WTI estende quedas com dólar forte e demanda fraca ofuscando o corte do Fed

O petróleo WTI permanece sob pressão nesta sexta-feira, ampliando a sequência de quedas pela terceira sessão consecutiva. O benchmark americano já devolveu os ganhos obtidos no início da semana e caminha para fechar a semana em território negativo.

No momento da redação, a WTI operava perto de US$ 62,35 por barril, com queda de quase 1,3% no dia, recuando das máximas de duas semanas atingidas na terça-feira. O recuo reflete um dólar americano mais forte e preocupações com a demanda, à medida que investidores avaliam o impacto de uma redução no consumo de combustível nos EUA.

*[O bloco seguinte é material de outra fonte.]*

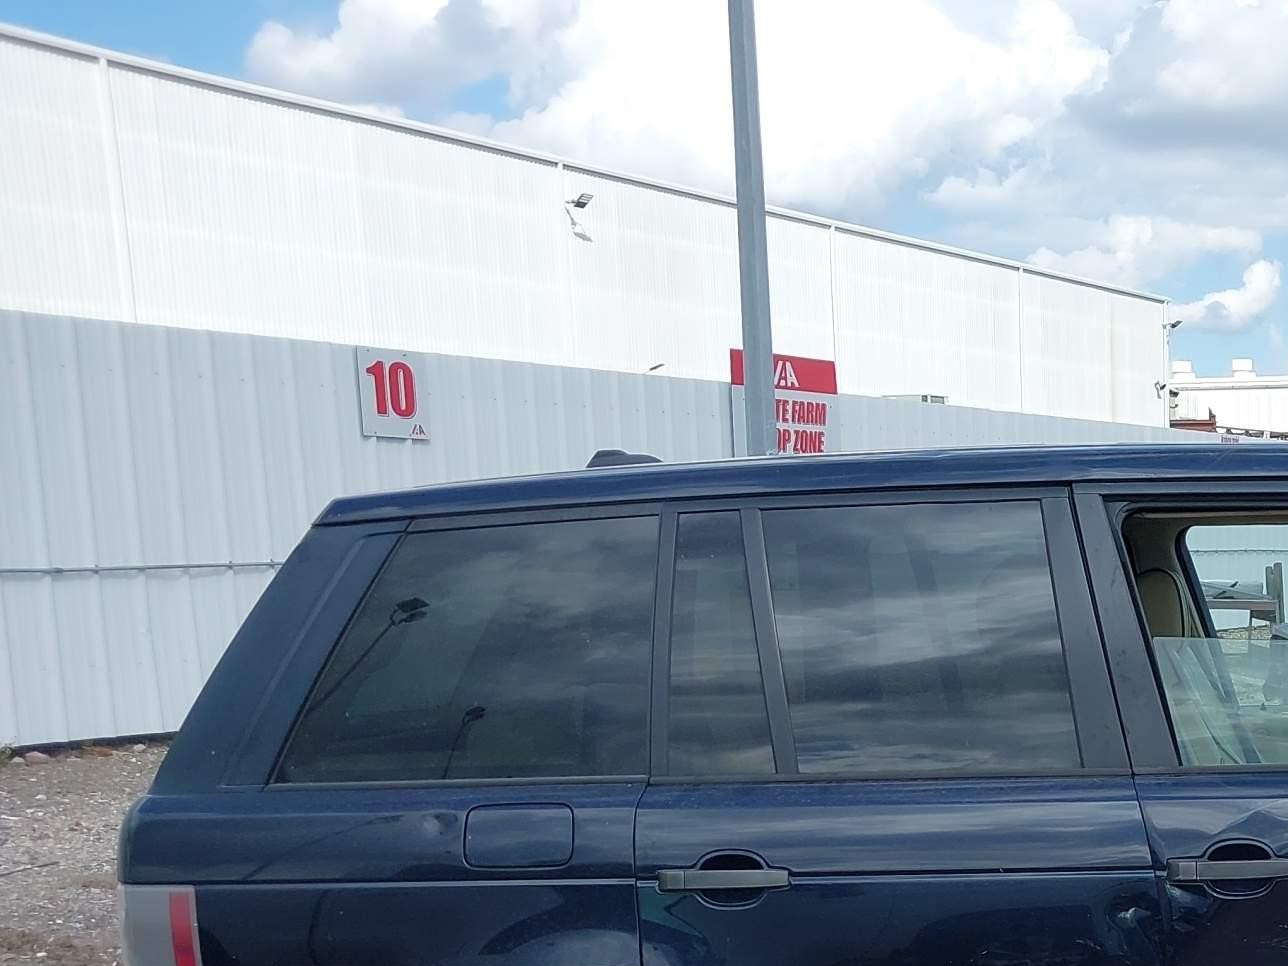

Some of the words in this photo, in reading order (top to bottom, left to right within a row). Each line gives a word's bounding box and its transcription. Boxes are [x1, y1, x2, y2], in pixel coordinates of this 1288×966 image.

Geopolítica: A União Europeia apresentou o 19º pacote de sanções contra a Rússia, incluindo um plano para proibir as importações de gás natural liquefeito russo a partir de janeiro de 2027 e ampliar as restrições à frota marítima associada a Moscou.

Política monetária: A decisão do Federal Reserve de reduzir as taxas de juros em 0,25 ponto percentual no início desta semana ainda não ofereceu suporte significativo ao petróleo. Taxas de empréstimo mais baixos costumam impulsionar a demanda por petróleo, mas o movimento já estava precificado, e preocupações com excesso de oferta e demanda fraca têm ofuscado o alívio.

Análise técnica: Do ponto de vista técnico, a WTI negocia em faixa estreita, com o preço oscilando entre a média móvel de 100 dias em US$ 64,30 e o suporte de US$ 61,50, nível que tem se mantido desde o início de agosto. Rejeições repetidas da SMA de 100 dias ressaltam sua função de resistência, enquanto o piso de US$ 61,50 permanece chave no curto prazo. Um rompimento claro abaixo de US$ 61,50 exporia o piso de US$ 60,00. Por outro lado, necessidade de rompimento acima da SMA de 100 dias para mudar a estrutura de mercado para uma perspectiva mais bullish. O RSI fica em torno de 45, indicando menor interesse comprador e riscos de downside, a menos que o sentimento melhore.